Hate is alive, well and living in Missouri (and Iowa)

Perhaps the most chilling video bite related to Sunday's shootings in Overland Park, Kansas, shows the suspect, identified as 73-year-old white supremacist and antisemite Frazier Glenn Miller (aka Frazier Glenn Cross), of Aurora, Missouri, yelling "Heil Hitler" from the back of the police car that confines him.

Miller, long affiliated with the Ku Klux Klan and other supremacist groups, allegedly gunned down an elderly (United Methodist) physician, William L. Corporon, and his 14-year-old Eagle Scout grandson, Reat Underwood, in the parking lot of the Jewish Community Center of Greater Kansas City where Underwood apparently had planned to audition for a talent competition. Miller also is accused of shooting a woman to death at the Shalom Center, an assisted living facility some blocks away.

Among other things, the tragedy serves as an unsettling reminder that antisemitism, as well as its cousins racism, homophobia and others, are alive, toxic and flourishing in the troubled minds of many who are ignorant, fearful and/or demented.

I took a look at the Southern Poverty Law Center's list of active Ku Klux Klan groups in the United States.
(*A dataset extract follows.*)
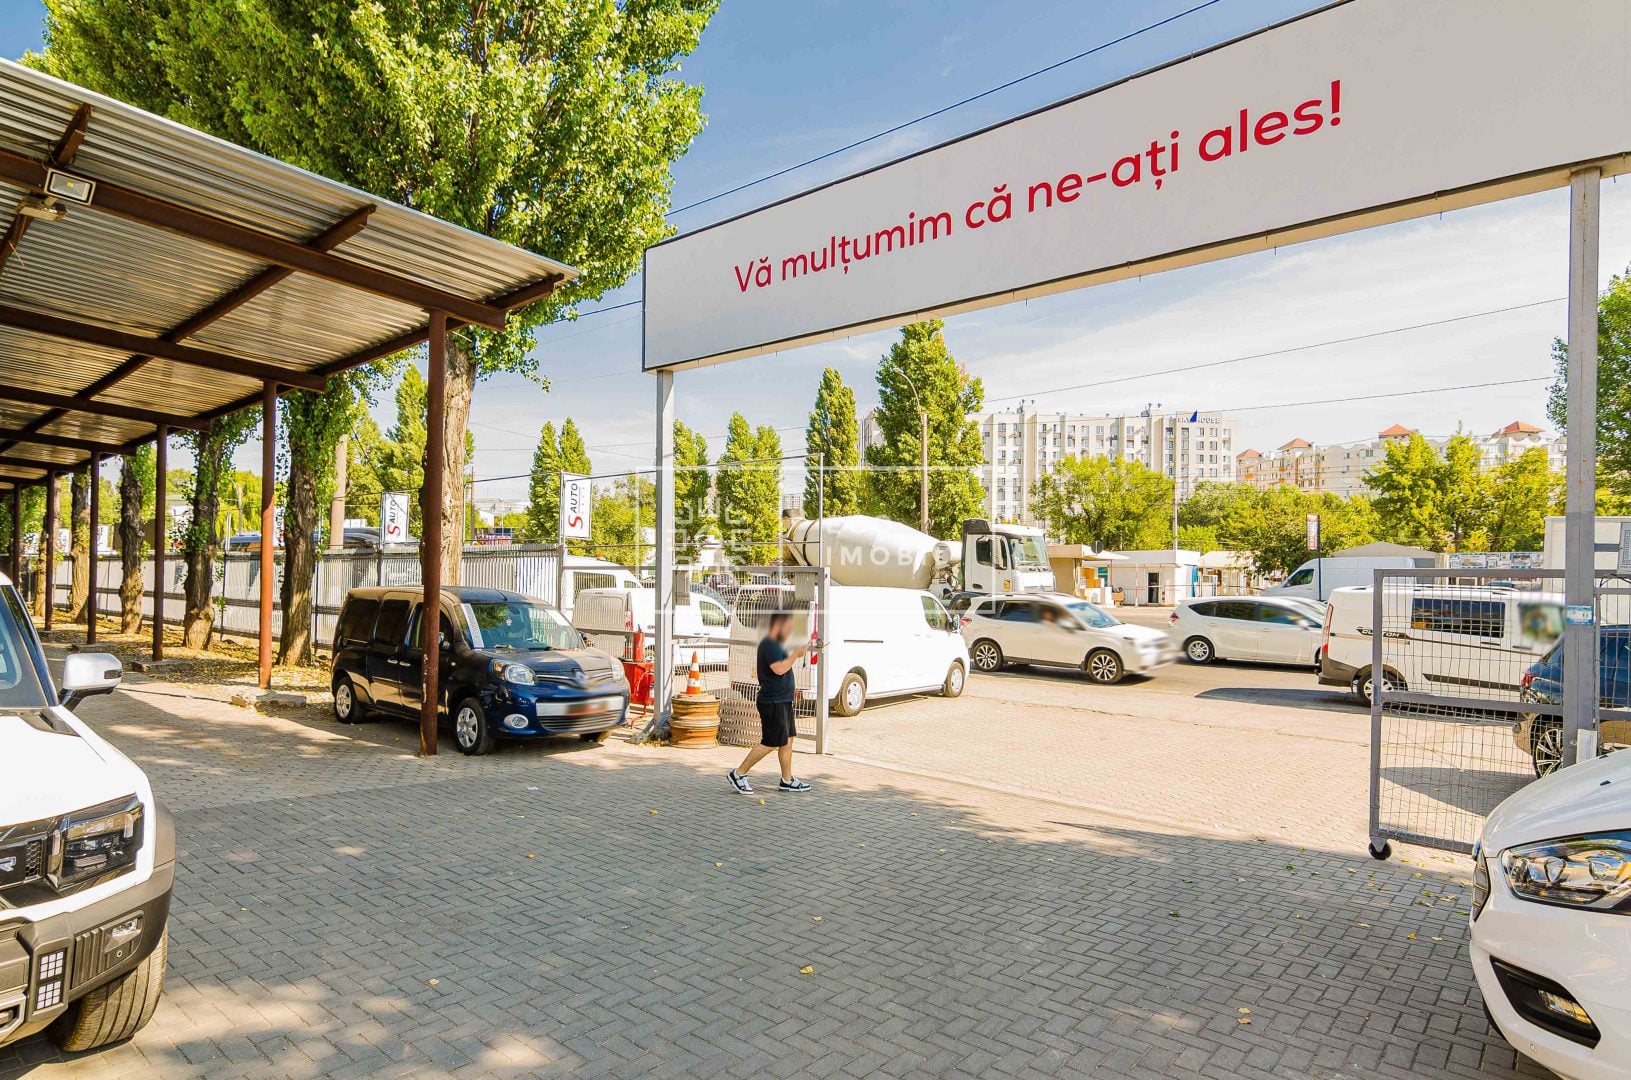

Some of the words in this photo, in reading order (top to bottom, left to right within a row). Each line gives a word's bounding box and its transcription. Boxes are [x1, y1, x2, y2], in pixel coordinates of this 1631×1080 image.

Unsurprisingly, the largest number are located in Texas. But Iowa has three --- New Empire Knights of the Ku Klux Klan, reportedly headquartered in Ames; and the Fraternal White Knights of the Ku Klux Klan and the Loyal White Knights of the Ku Klux Klan, neither attributed to a specific city. (Here's a link to reports on the various hate groups that the SPLC tracks.)

Lucas Countyans need to remember, too, that the Klan flourished here during the 1920s and that a Klan rally generally is recognized as among the largest public gatherings ever held in Chariton. This hateful stuff is never buried too far below the surface.

And it's still eating away at us, lord have mercy.